Renal prostaglandin E2 synthesis and degradation in the developing rat.

Postnatal development of glomerular filtration rate (GFR) and renal blood flow is associated with a fall in renal vascular resistance that may be mediated by vasoactive substances. We examined differences in the regulation of one such substance, prostaglandin E2 (PGE2). The present studies examined renal cortical and medullary PGE2 synthesis and degradation in rats aged 20 days (30.7 g), 31 days (101 g), and 120 days (413 g). PGE2 synthesis in cortical microsomes was highest in 20-day-old rats compared to 31- and 120-day-old rats. In contrast, medullary PGE2 synthesis was lowest in 20-day-old rats compared to 31- and 120-day-old rats. Both cortical and medullary PGE2 degradation were highest in 20-day-old rats and decreased with age.
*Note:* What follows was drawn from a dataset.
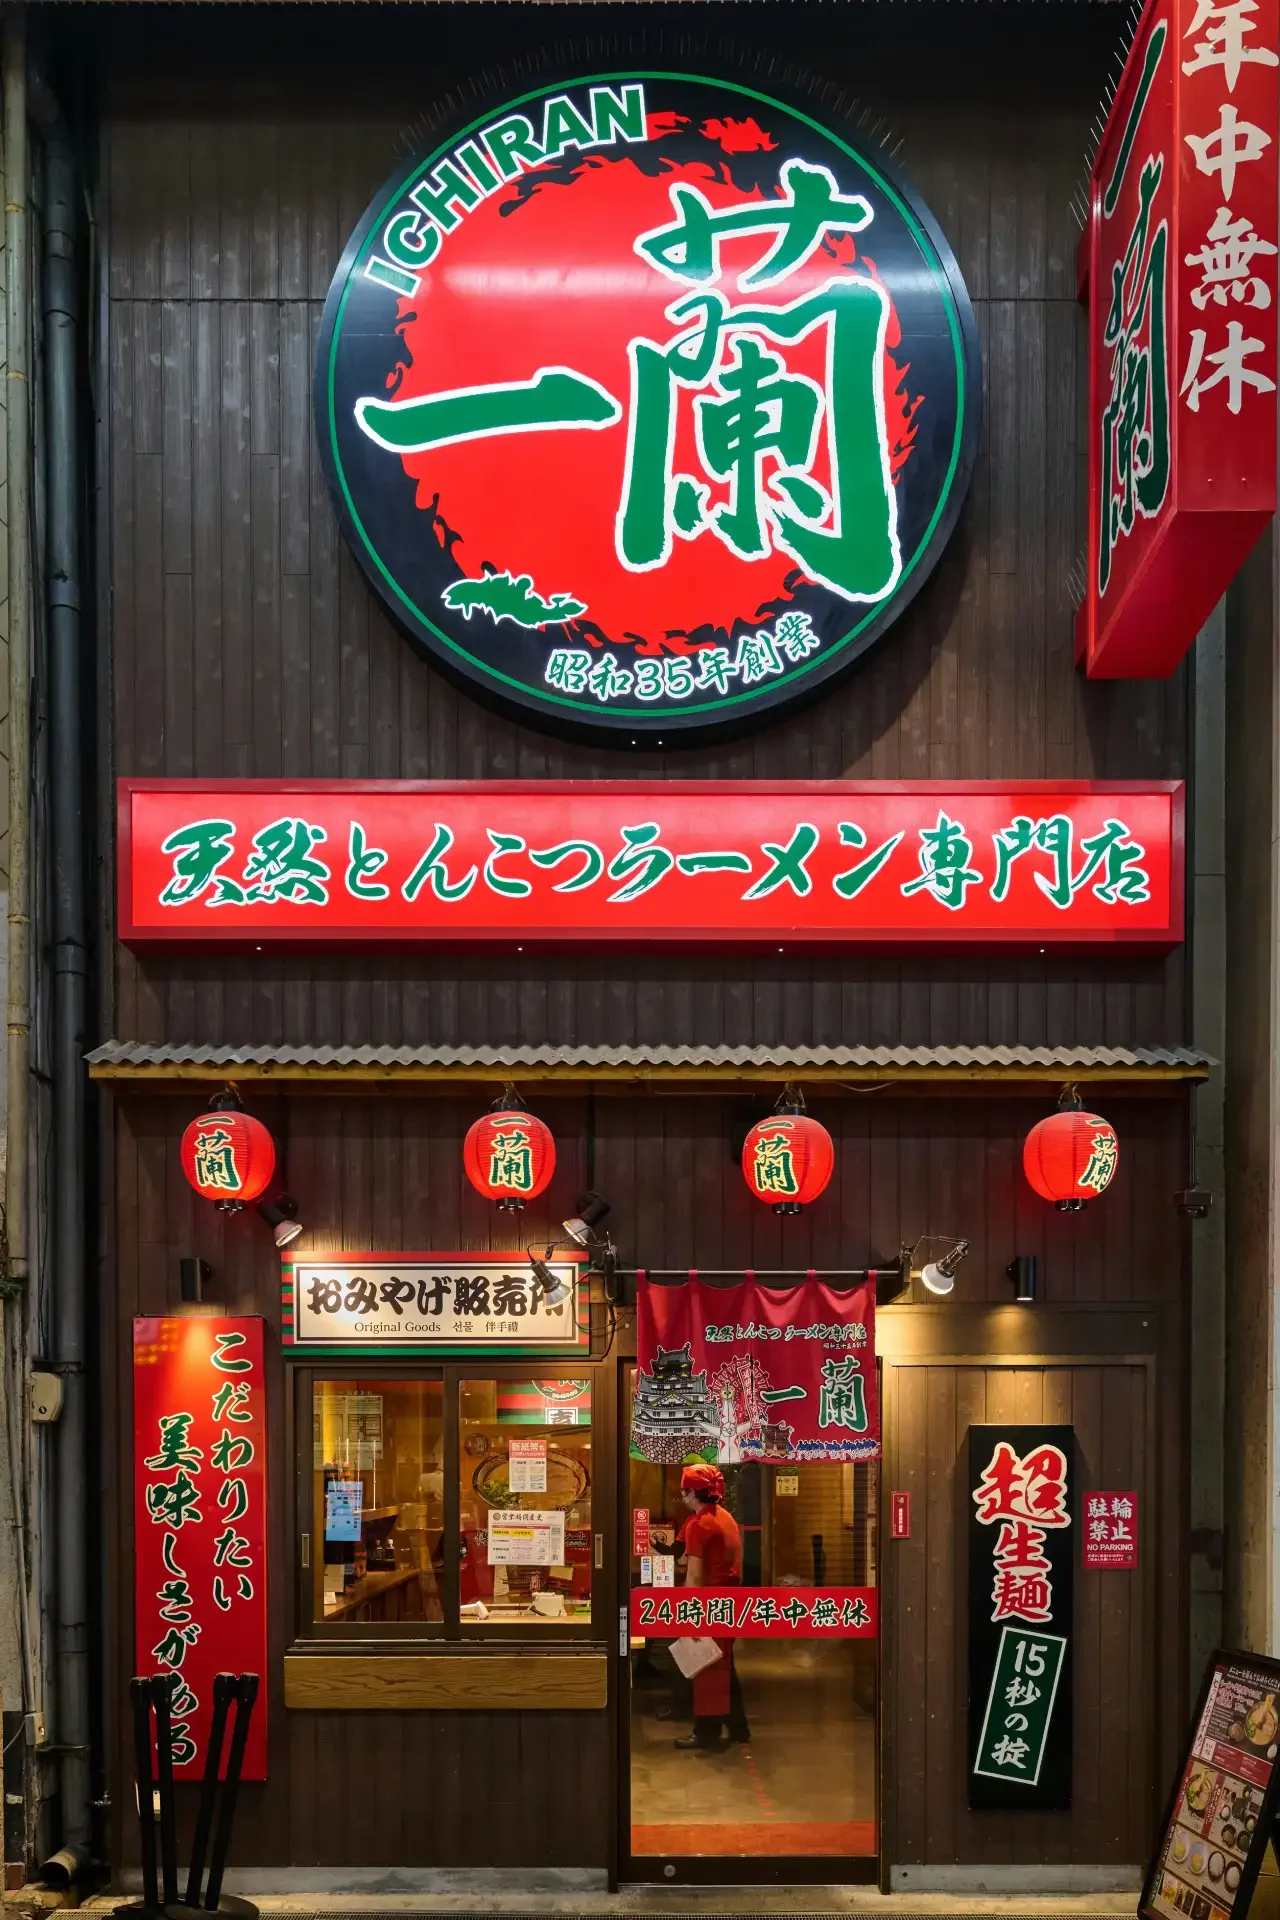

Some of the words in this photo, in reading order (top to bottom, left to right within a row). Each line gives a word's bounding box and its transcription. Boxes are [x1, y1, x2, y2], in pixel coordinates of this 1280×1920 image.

Despite demonstrating significant age-dependent differences in cortical and medullary PGE2 synthesis, 11 days of aspirin given between age 20-31 days blocked PGE2 synthesis in cortex and medulla by 60 and 76%, respectively, but GFR was similar to control 31-day-old rats (0.78 +/- 0.04 ml/min/g kidney weight, aspirin-treated, versus 0.85 +/- 0.03 ml/min/g kidney weight, control), suggesting that observed age-dependent differences in renal PGE2 synthesis is not a major determinant of development of GFR. A more important determinant of GFR may be age- related differences in renal cortical prostaglandin turnover.